### ASSIGNMENT
Please print the listing that follows word for word, but skip any pictures it holds.
*** DATASET CONTENT
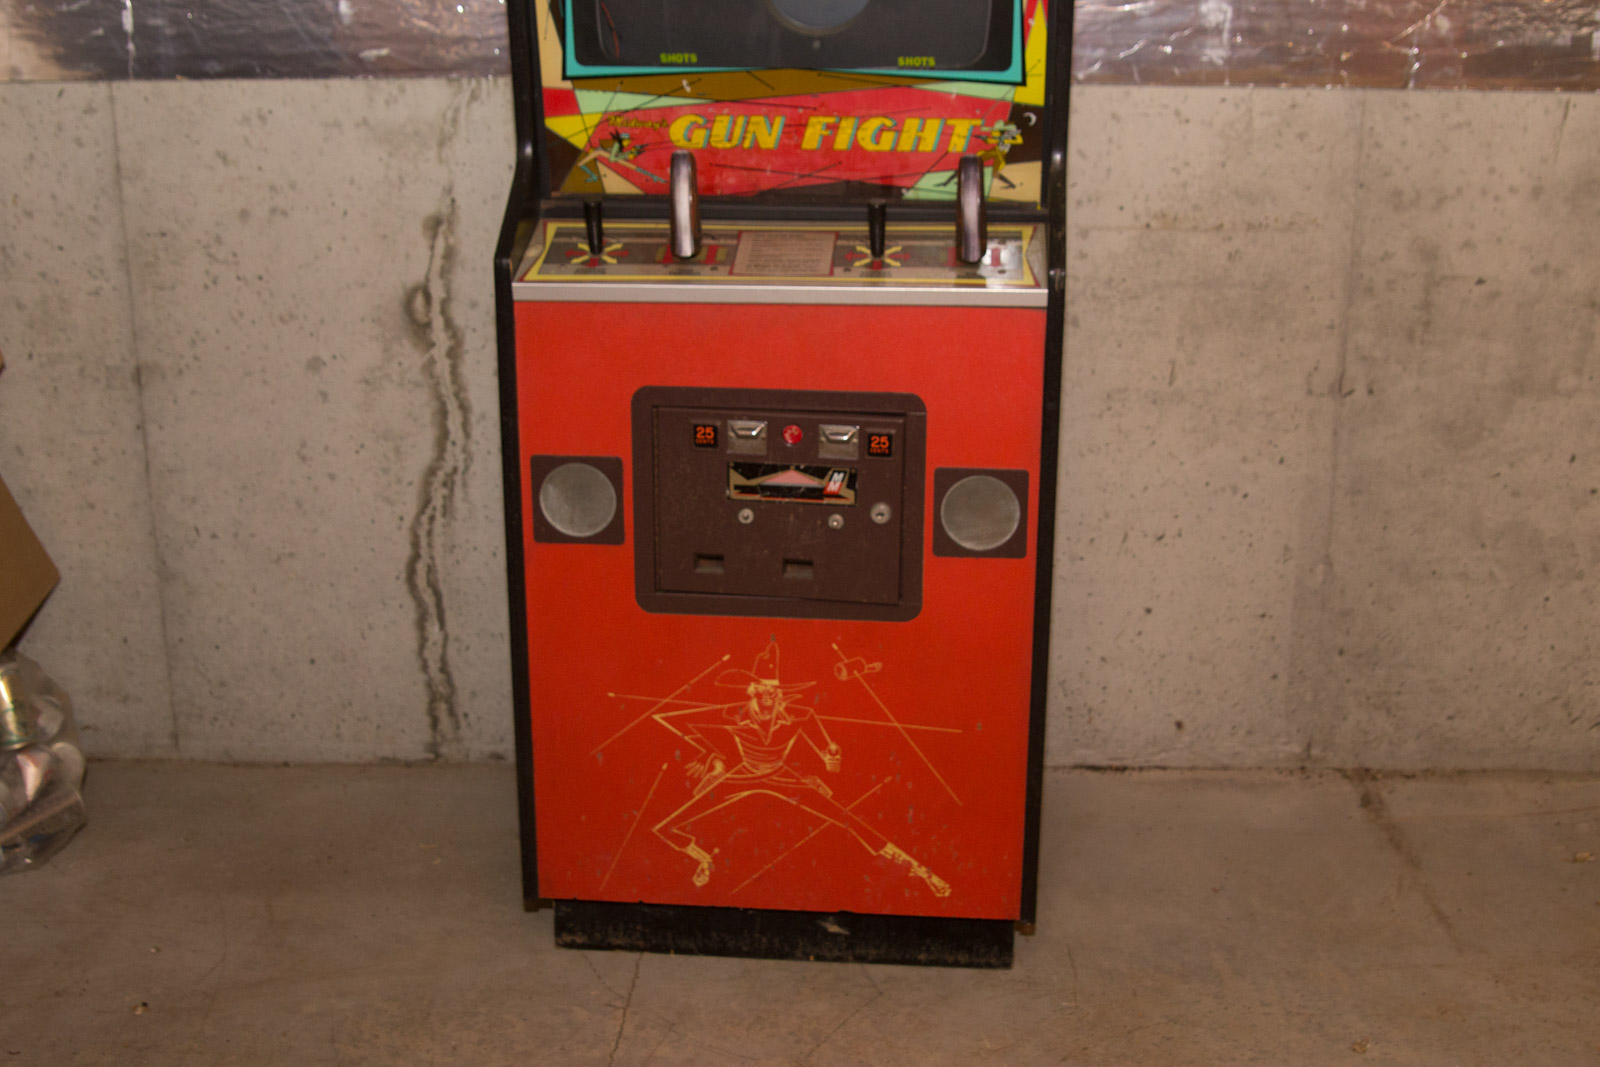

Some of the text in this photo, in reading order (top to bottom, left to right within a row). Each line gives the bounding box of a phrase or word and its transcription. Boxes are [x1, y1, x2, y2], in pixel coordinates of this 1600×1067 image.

[660, 52, 697, 64] SHOTS
[897, 56, 936, 67] SHOTS
[668, 113, 786, 150] GUN
[801, 115, 985, 153] FIGHT
[696, 426, 714, 439] 25
[871, 436, 889, 448] 25
******
### REPLY TO THE EXERCISE
Some of the text in this photo, in reading order (top to bottom, left to right within a row). Each line gives the bounding box of a phrase or word and its transcription. Boxes are [x1, y1, x2, y2], in pixel coordinates of this 1600×1067 image.

[660, 52, 697, 64] SHOTS
[897, 56, 936, 67] SHOTS
[668, 113, 786, 150] GUN
[801, 115, 985, 153] FIGHT
[696, 426, 714, 439] 25
[871, 436, 889, 448] 25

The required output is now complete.